Often referred to as ‘rats with wings’, feral pigeons have become just as much of a problem in towns and cities as their furry, four-legged counterparts.

Descendants of rock doves, originally cliff dwelling birds, the feral pigeon has adapted well to living alongside humans and is an integral feature of town centres across the country.


Pigeons have been known to carry diseases such as Chiamdiosis, a virus similar to influenza, and Psittacosis, similar to pneumonia.

Tablets pouring from a bottle
Pigeons are known carriers of disease

It is still unknown how big a health risk pigeons pose to humans, with many experts believing the chance of infection to be slight.

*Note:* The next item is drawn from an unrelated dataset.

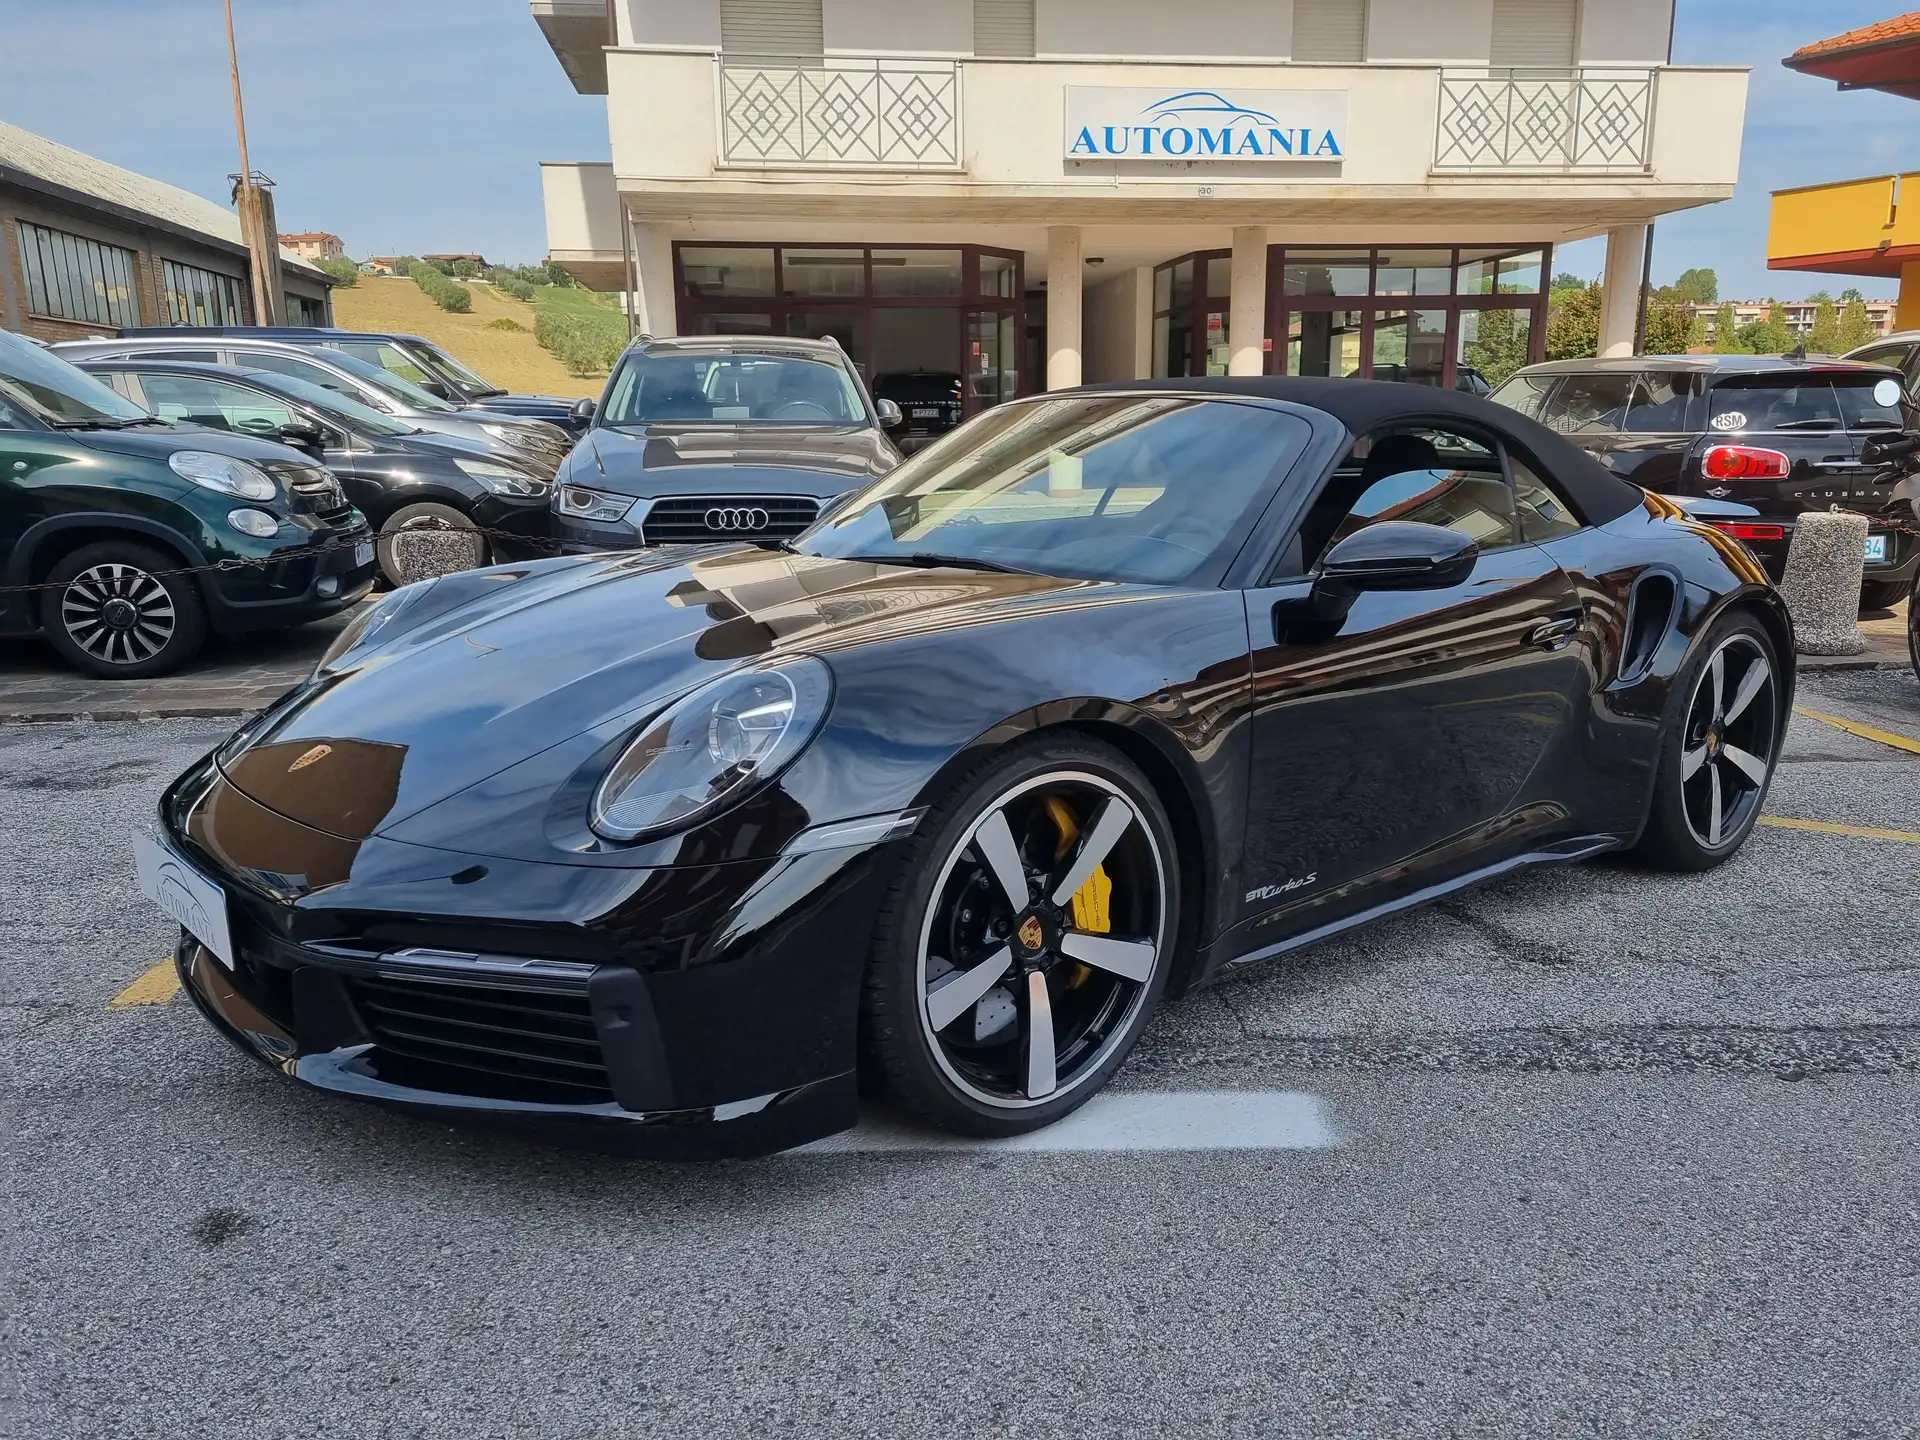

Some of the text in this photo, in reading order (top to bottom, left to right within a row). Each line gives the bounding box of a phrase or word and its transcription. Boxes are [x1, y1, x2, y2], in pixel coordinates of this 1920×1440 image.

[1070, 126, 1343, 156] AUTOMANIA
[1200, 187, 1212, 195] 30
[1715, 415, 1743, 427] RSM
[156, 884, 218, 951] AUTOMANIA

An undisputed and particularly visual pigeon problem however is mess. Combined pigeon deposits can weigh up to several tons and costs £15 million a year to clear up.

Droppings not only cause buildings to look unsightly, but can cause long term damage according to Iain Turner, sales marketing manager of a pest control firm.

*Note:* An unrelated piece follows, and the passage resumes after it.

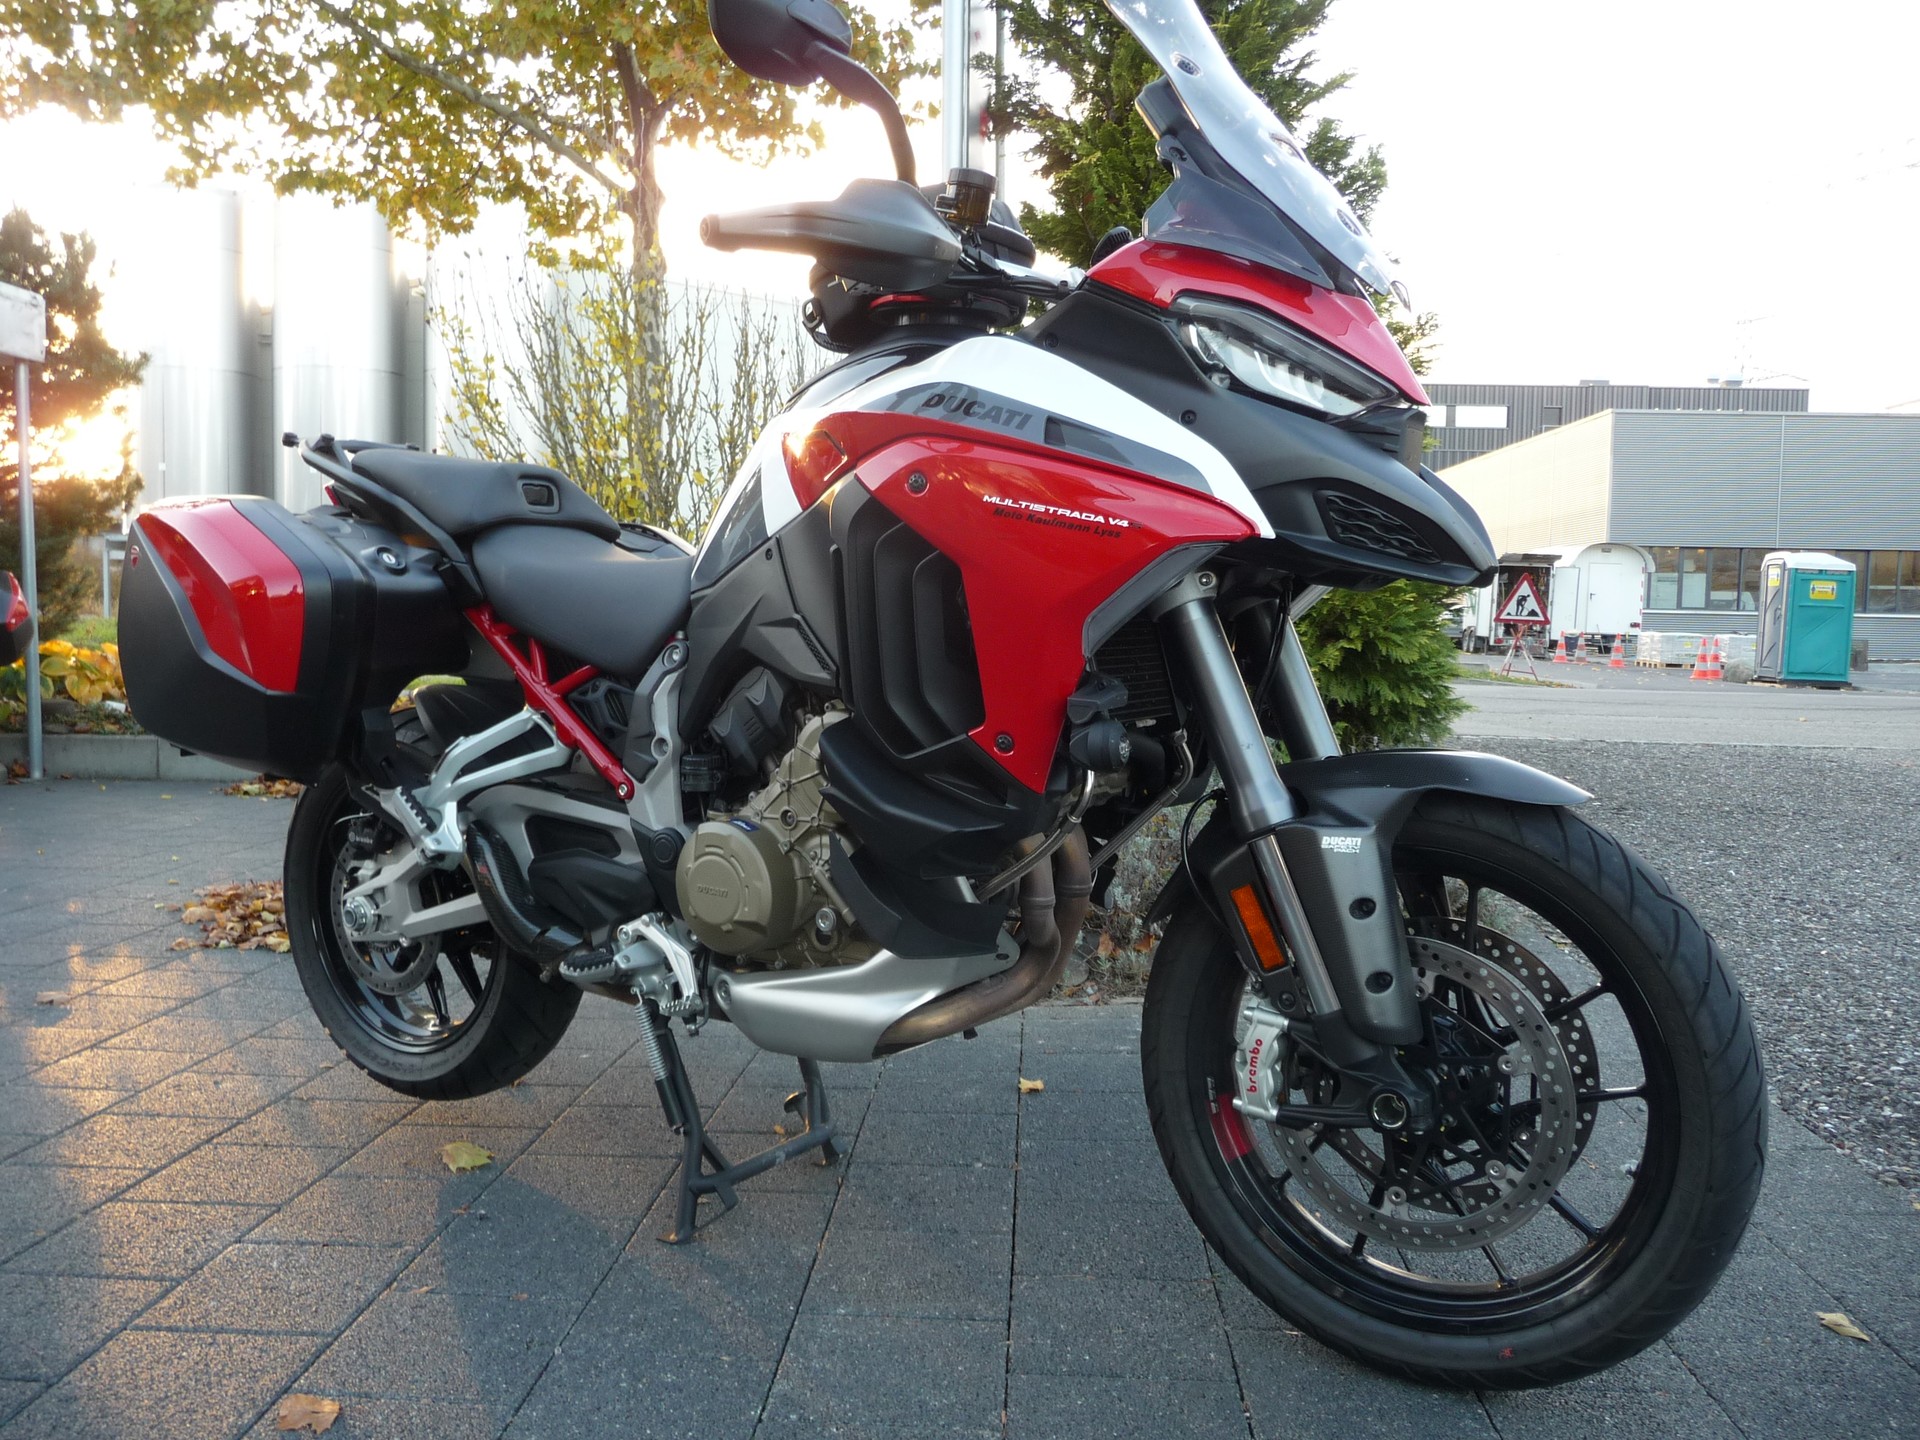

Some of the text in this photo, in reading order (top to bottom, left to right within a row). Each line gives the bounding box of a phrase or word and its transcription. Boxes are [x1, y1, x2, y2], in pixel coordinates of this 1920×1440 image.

"Droppings deface buildings and can in the long term destroy them."
Iain Turner

Fresh droppings, whilst unpleasant, pose no risk to health. It is dried droppings that can potentially spread infection.

Spores from the droppings can be inhaled as dust and carried on the wind. It can cause a flu like illness in healthy people, but poses more serious problems to those with low immunity.

Residential and rural pest

Pigeons not only pose problems in residential areas, farmers also suffer at the hands, or rather beaks of this feathered pest.

Tractor ploughing a field
Pigeons pose a problem in residential and rural areas alike

In the course of a single year, a feral pigeon can eat its way through 64 pounds of food. With an estimated 18 million feral pigeons in Britain, this can pose a serious problem.

One farmer’s solution? A man called Geoff Garrod.

Geoff is employed by a local farmer to shoot pigeons, which are then sold for around 10 pence each. The majority end up as the dish of the day in European restaurants.

Pest control

As unpopular as the humble pigeon may be, shooting the pest is often frowned upon by the general public. But what are the alternatives?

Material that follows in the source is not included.